Developing People Managers in Singapore: A Guide for Growing Businesses

Promoting your best performer into a manager and hoping for the best? Here's how to actually develop people managers in your Singapore startup or SME.

Developing people managers in Singapore is the most overlooked investment a growing business can make. How to Develop Strong People Managers in a Growing Business

The biggest people management mistake in small businesses isn’t hiring the wrong person or dealing with a difficult employee. It’s promoting your best performer into management and then leaving them to work it out alone.

Managing people is a completely different skill from doing the work. Being brilliant at sales, engineering, or operations doesn’t automatically teach you how to run a team, give feedback, handle conflict, or help others grow. Yet most businesses promote people into management by default—and then wonder why performance tanks or good people leave.

The Real Cost of Weak People Managers in Singapore

Most people who leave small businesses aren’t leaving for money or strategy. They’re leaving their manager. Research is clear: people leave managers, not companies. In a 20-person team, one manager who demotivates, micromanages, or avoids hard conversations can damage the whole place.

Bad management affects everyone. When managers can’t set clear expectations, give real feedback, or tackle underperformance early, the whole team pays the price.

You don’t need a huge learning budget to develop your managers. You need a clear framework, active support, and the willingness to spend time on the people who shape your team.

What Good People Management Actually Looks Like

Good managers consistently do a few things well. They set clear expectations so people know what success looks like. They give regular, specific feedback—not just once a year. They have hard conversations early, before small stuff becomes big stuff. They develop their team by stretching people, supporting learning, and delegating thoughtfully. And they build trust by being consistent, following through, and treating people fairly.

None of this needs expensive training or charisma. It needs clarity on what’s expected and the discipline to do it consistently.

How to Support Your Managers Without a Big Budget

You don’t need a formal leadership programme. Here’s what actually works:Define what good looks like. Write down explicitly what you expect from managers in your business. Not a generic competency framework, but a real answer to: “how does a great manager behave here?” Share it. Use it in reviews.

Have regular manager-to-manager conversations. Monthly or bi-monthly one-to-ones between you and your managers, focused on their challenges as leaders—not just project updates. This is where coaching happens.

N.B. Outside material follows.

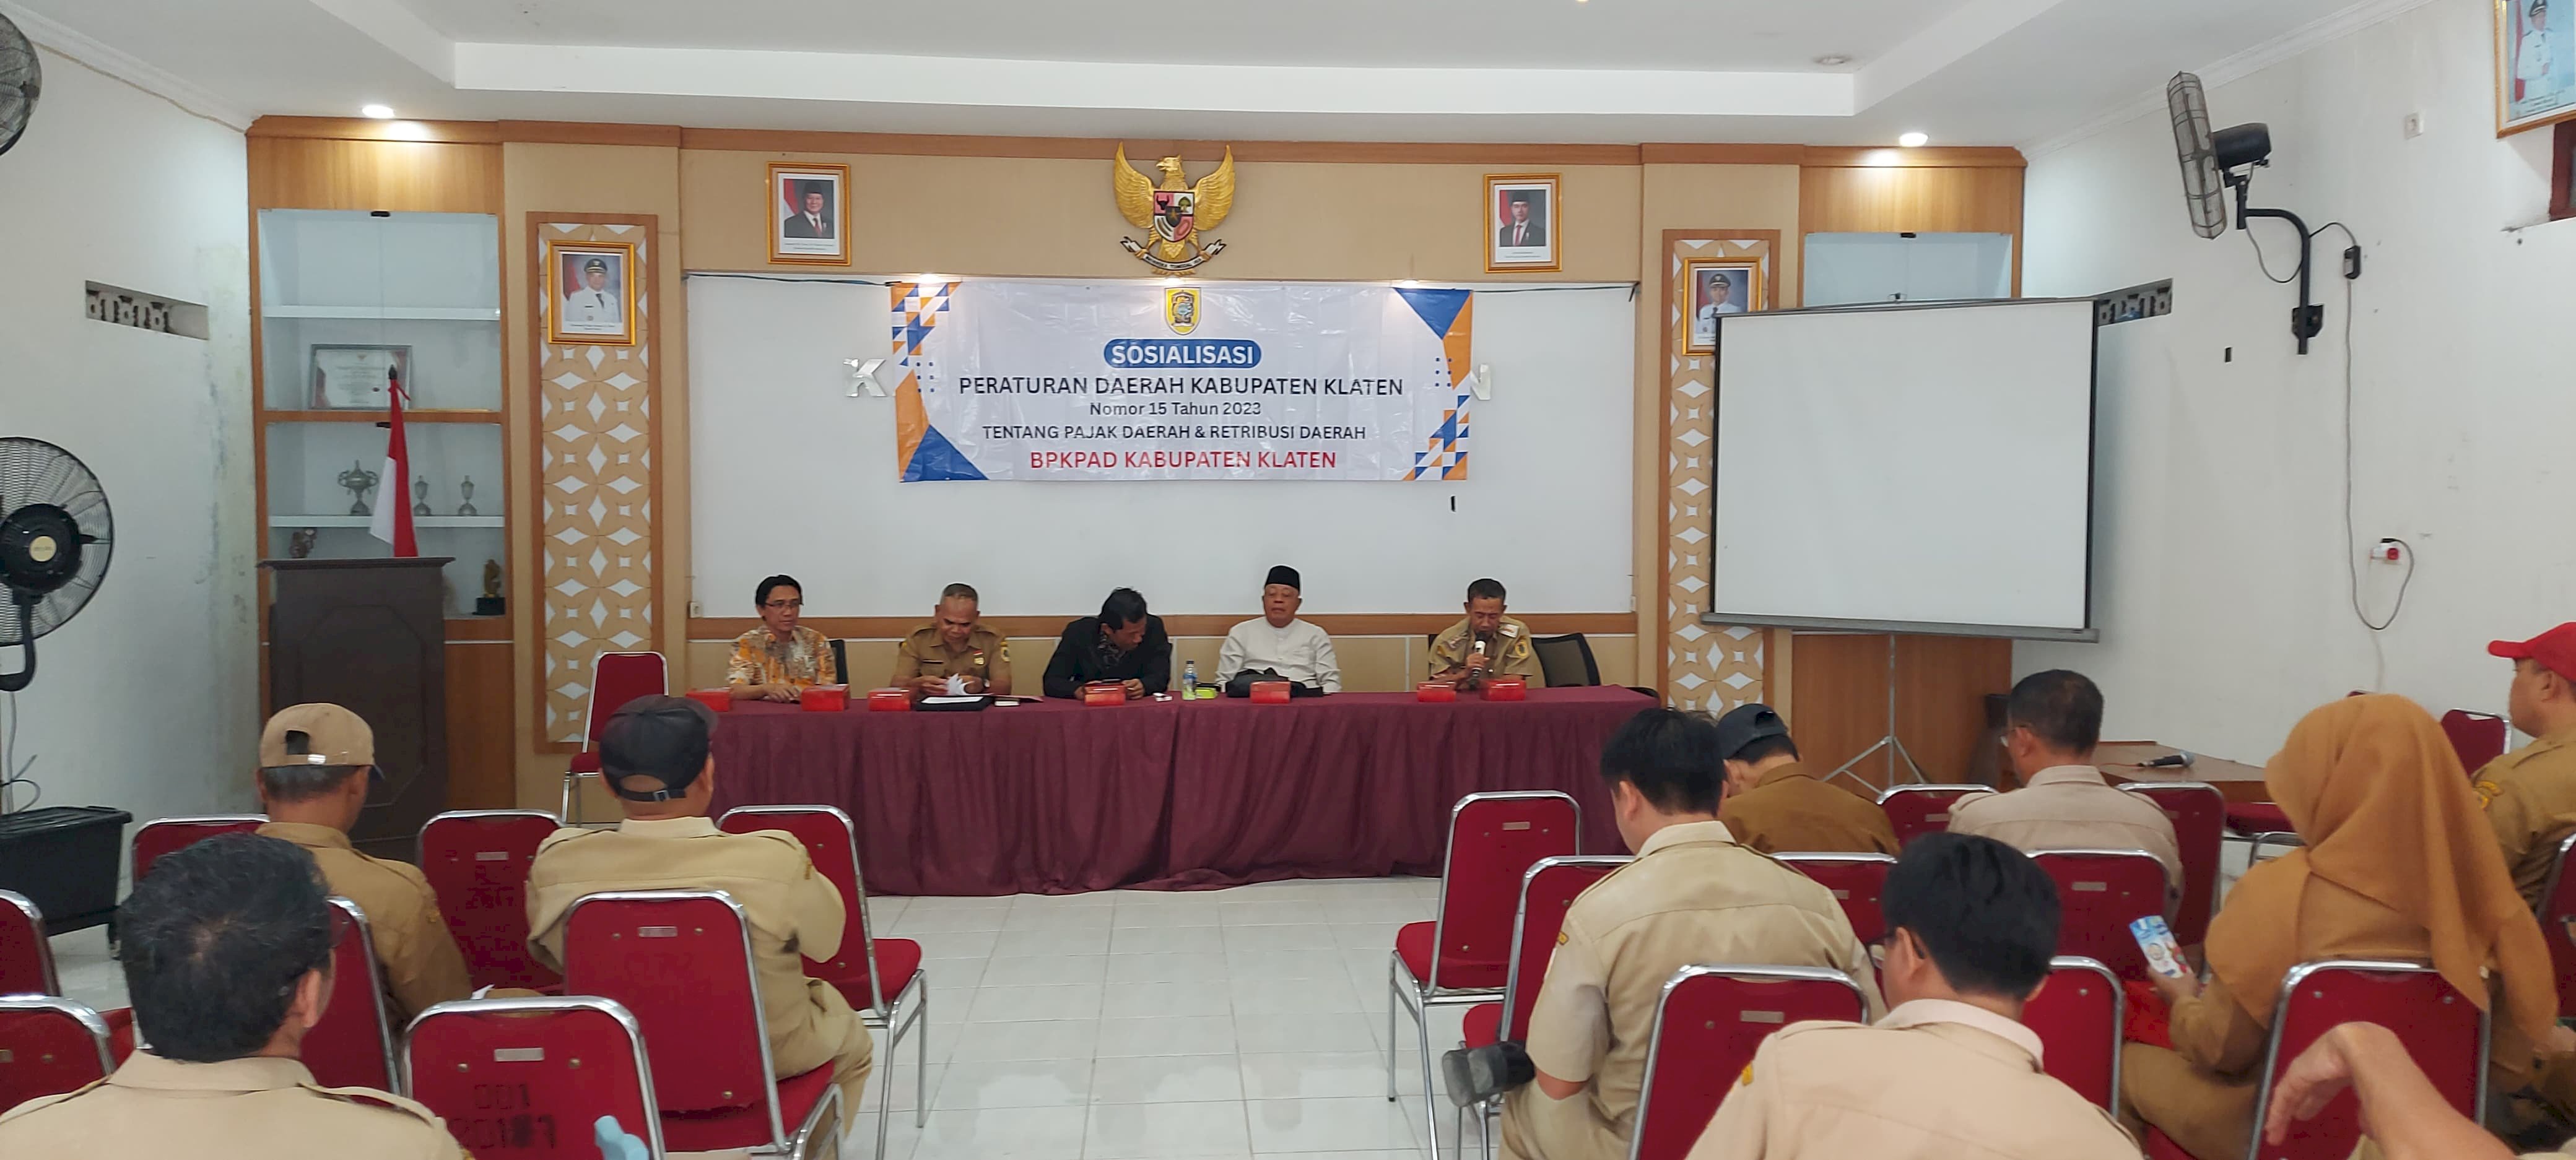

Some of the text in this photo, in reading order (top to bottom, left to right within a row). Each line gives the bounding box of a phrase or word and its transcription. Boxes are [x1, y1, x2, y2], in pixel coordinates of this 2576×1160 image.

Debrief after hard situations. When a manager handles a difficult conversation, a performance issue, or a team conflict, debrief with them afterwards. What went well? What would they do differently? This builds skills faster than any classroom.

Connect managers to peers. If your managers can connect with other people managers—inside or outside the business—they learn from shared experience. Peer learning is underrated.

Get external support for complex situations. Not every people management challenge is one you should navigate alone. A Fractional HR partner can advise on how to handle specific situations, what the legal requirements are, and how to coach your managers through difficult conversations—without the cost of a full-time HR team.

The Role of Accountability

People management should be part of how you assess your managers. If it’s never measured or discussed, they’ll think it doesn’t matter. If a manager struggles to keep people, constantly has team conflict, or avoids hard conversations—that’s a performance issue, not just personality.

That doesn’t mean punishing managers who’re learning. It means being clear that people management is part of the job and holding them to a standard.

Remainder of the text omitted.